Library workers are the heart and soul of libraries. It’s hard to imagine libraries without them.

But, sadly, staffless libraries are a growing trend. They’ve established a foothold in Toronto (Local 4948), Hamilton (Local 932), Essex County (Local 2318), and Kingston (Local 2202). And they could creep into more communities in the face of staffing shortages and as library boards look to expand hours of operation while cutting costs.

Some locals have organized campaigns to fight back against staffless libraries, including locals 4948 and 2202. They know that staffless libraries hurt the people who use them and work in them.

CUPE is launching a new guide so locals can also fight back against staffless libraries at the bargaining table.  The guide contains:

  • Collective agreement language to prevent the adoption of the staffless library model;
  • Information about staffless libraries that can be incorporated into local campaigns;
  • A list of actions locals can take to protect library services and jobs.

A staffless library is a library that is accessible to the public during specified hours with no on-site staff.

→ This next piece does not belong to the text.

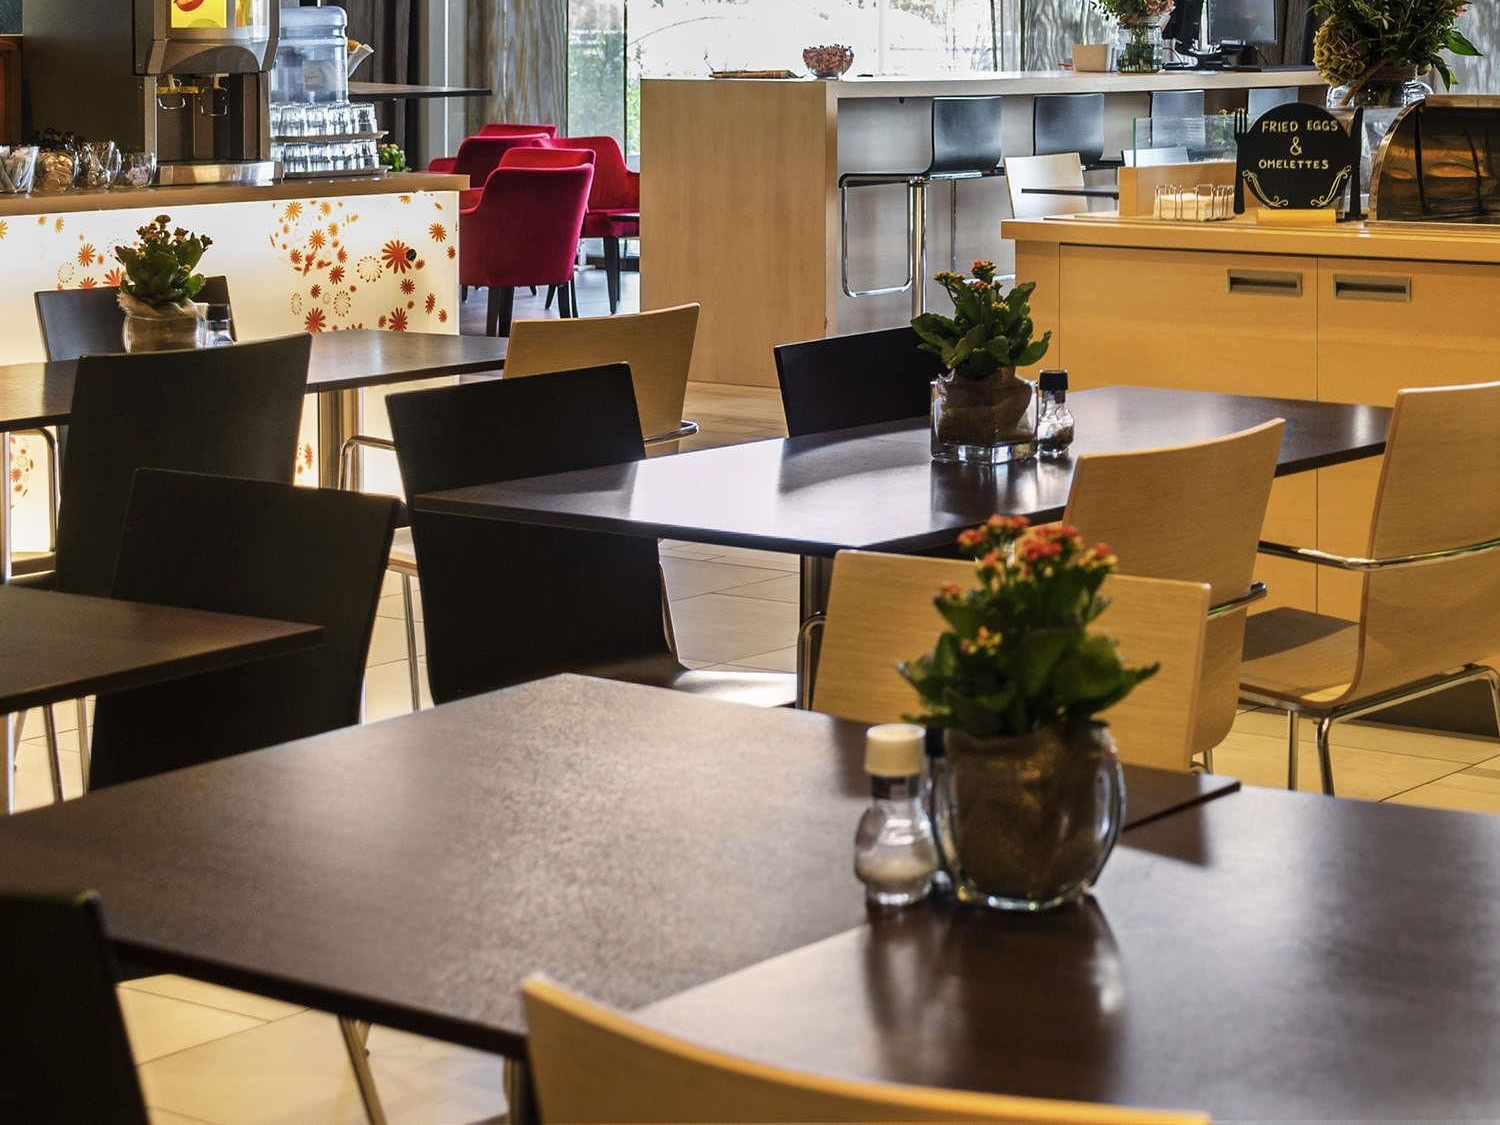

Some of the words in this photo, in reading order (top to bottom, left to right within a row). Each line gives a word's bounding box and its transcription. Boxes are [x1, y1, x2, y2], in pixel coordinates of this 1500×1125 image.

They enable patrons to borrow and return library materials, and to access public computers and the internet. However, when staff are missing from libraries, so too are the high-quality library programs and services people depend on. And there’s no one to offer assistance and augment patron safety. As a result, libraries become less welcoming, inclusive, and accessible spaces. 

Staffless libraries also impact library jobs. In Kingston, staff will lose the 7-hour shifts they had at a branch where staffless hours have been introduced. Their shifts will be shortened and spread over more days. This impacts part-time workers’ second jobs and their ability to pick-up casual shifts.

Many people would like their local library to be open more often. But all hours of operation should be fully staffed, and have an appropriate staff mix and adequate staffing levels. This requires increased funding from our provincial and municipal governments and investments in full-time, permanent, and well-paying jobs.